■ WHAT IS NEEDED ■
Would you repeat the entries below word for word and omit the pictures?
*** Opening DATASET RECORDS ***
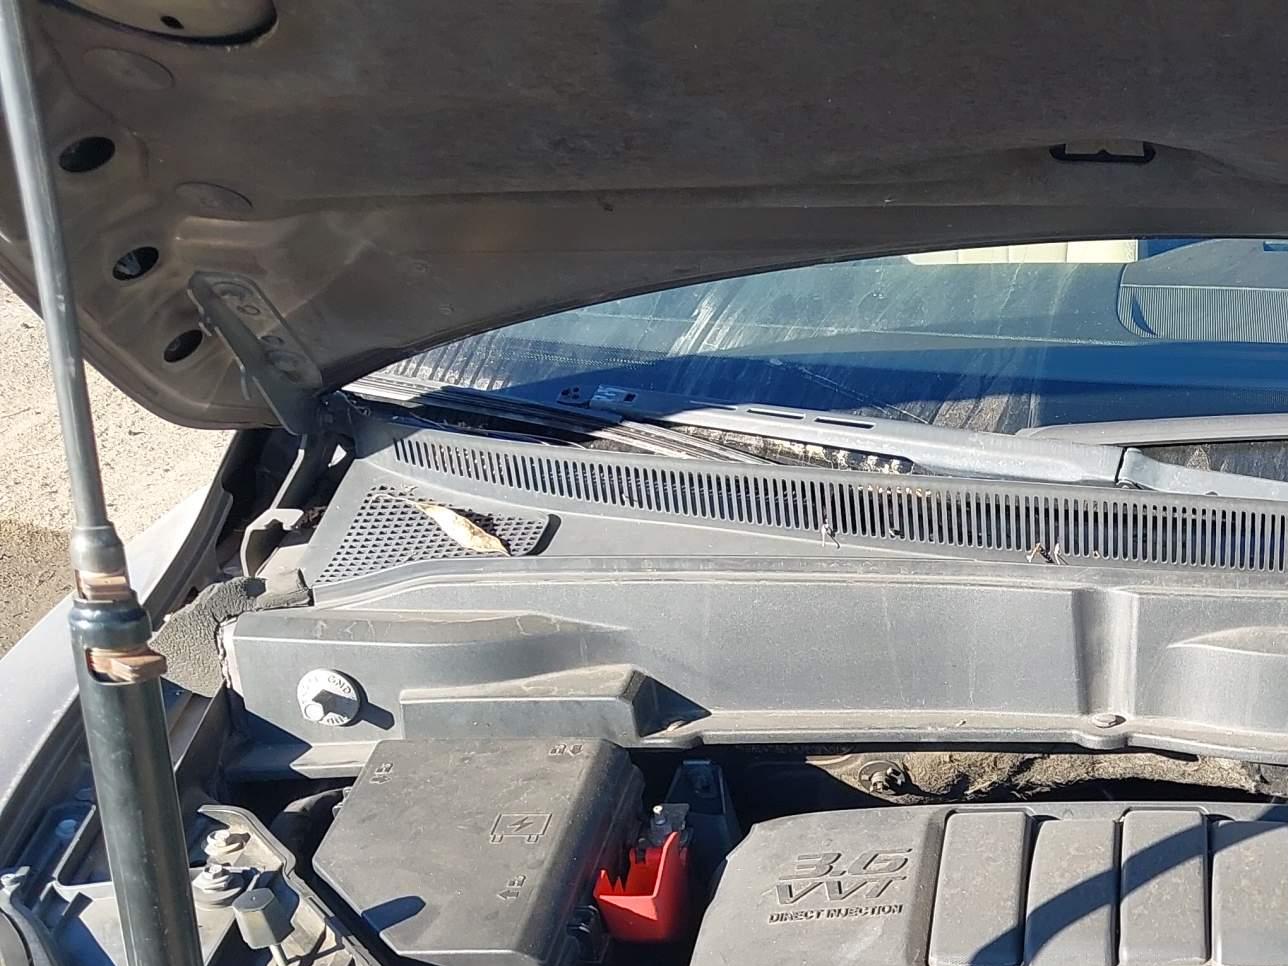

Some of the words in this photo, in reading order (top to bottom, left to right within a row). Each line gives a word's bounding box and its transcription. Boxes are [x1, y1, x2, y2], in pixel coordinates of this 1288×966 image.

[779, 848, 913, 880] 3.6
[776, 876, 907, 904] VVT
[768, 908, 824, 923] DIRECT
[826, 904, 903, 918] INJECTION
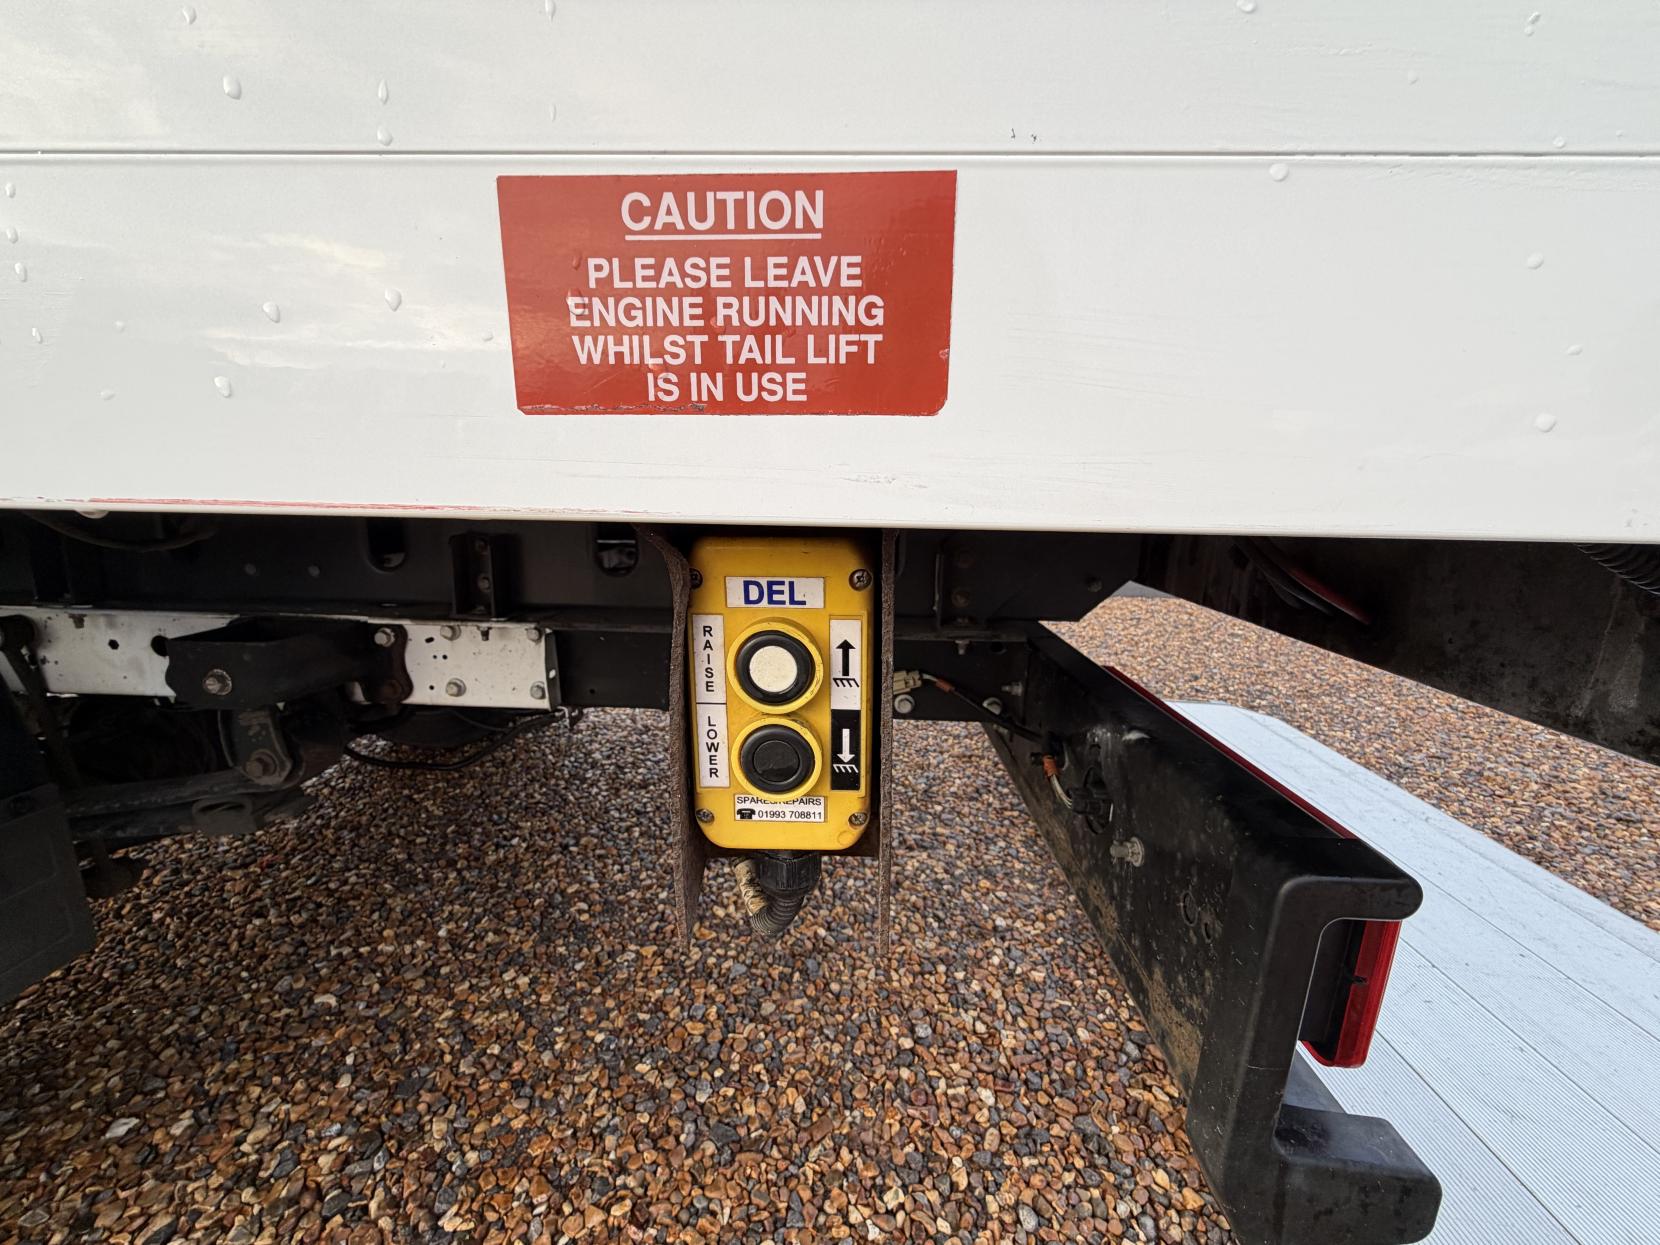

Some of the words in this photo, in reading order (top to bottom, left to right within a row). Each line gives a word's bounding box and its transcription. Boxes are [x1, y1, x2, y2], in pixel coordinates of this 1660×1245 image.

[620, 189, 824, 232] CAUTION
[587, 256, 732, 290] PLEASE
[744, 254, 863, 289] LEAVE
[568, 296, 705, 328] ENGINE
[716, 294, 885, 328] RUNNING
[571, 334, 709, 366] WHILST
[717, 333, 796, 365] TAIL
[806, 333, 883, 365] LIFT
[647, 372, 679, 402] IS
[690, 372, 724, 402] IN
[735, 371, 808, 402] USE
[742, 579, 807, 606] DEL
[702, 625, 715, 693] RAISE
[705, 715, 720, 778] LOWER
[757, 810, 786, 819] 01993
[789, 810, 822, 820] 708811
*** Closing DATASET RECORDS ***
■ ANSWER BOX ■
Some of the words in this photo, in reading order (top to bottom, left to right within a row). Each line gives a word's bounding box and its transcription. Boxes are [x1, y1, x2, y2], in pixel coordinates of this 1288×966 image.

[779, 848, 913, 880] 3.6
[776, 876, 907, 904] VVT
[768, 908, 824, 923] DIRECT
[826, 904, 903, 918] INJECTION

Some of the words in this photo, in reading order (top to bottom, left to right within a row). Each line gives a word's bounding box and its transcription. Boxes are [x1, y1, x2, y2], in pixel coordinates of this 1660×1245 image.

[620, 189, 824, 232] CAUTION
[587, 256, 732, 290] PLEASE
[744, 254, 863, 289] LEAVE
[568, 296, 705, 328] ENGINE
[716, 294, 885, 328] RUNNING
[571, 334, 709, 366] WHILST
[717, 333, 796, 365] TAIL
[806, 333, 883, 365] LIFT
[647, 372, 679, 402] IS
[690, 372, 724, 402] IN
[735, 371, 808, 402] USE
[742, 579, 807, 606] DEL
[702, 625, 715, 693] RAISE
[705, 715, 720, 778] LOWER
[757, 810, 786, 819] 01993
[789, 810, 822, 820] 708811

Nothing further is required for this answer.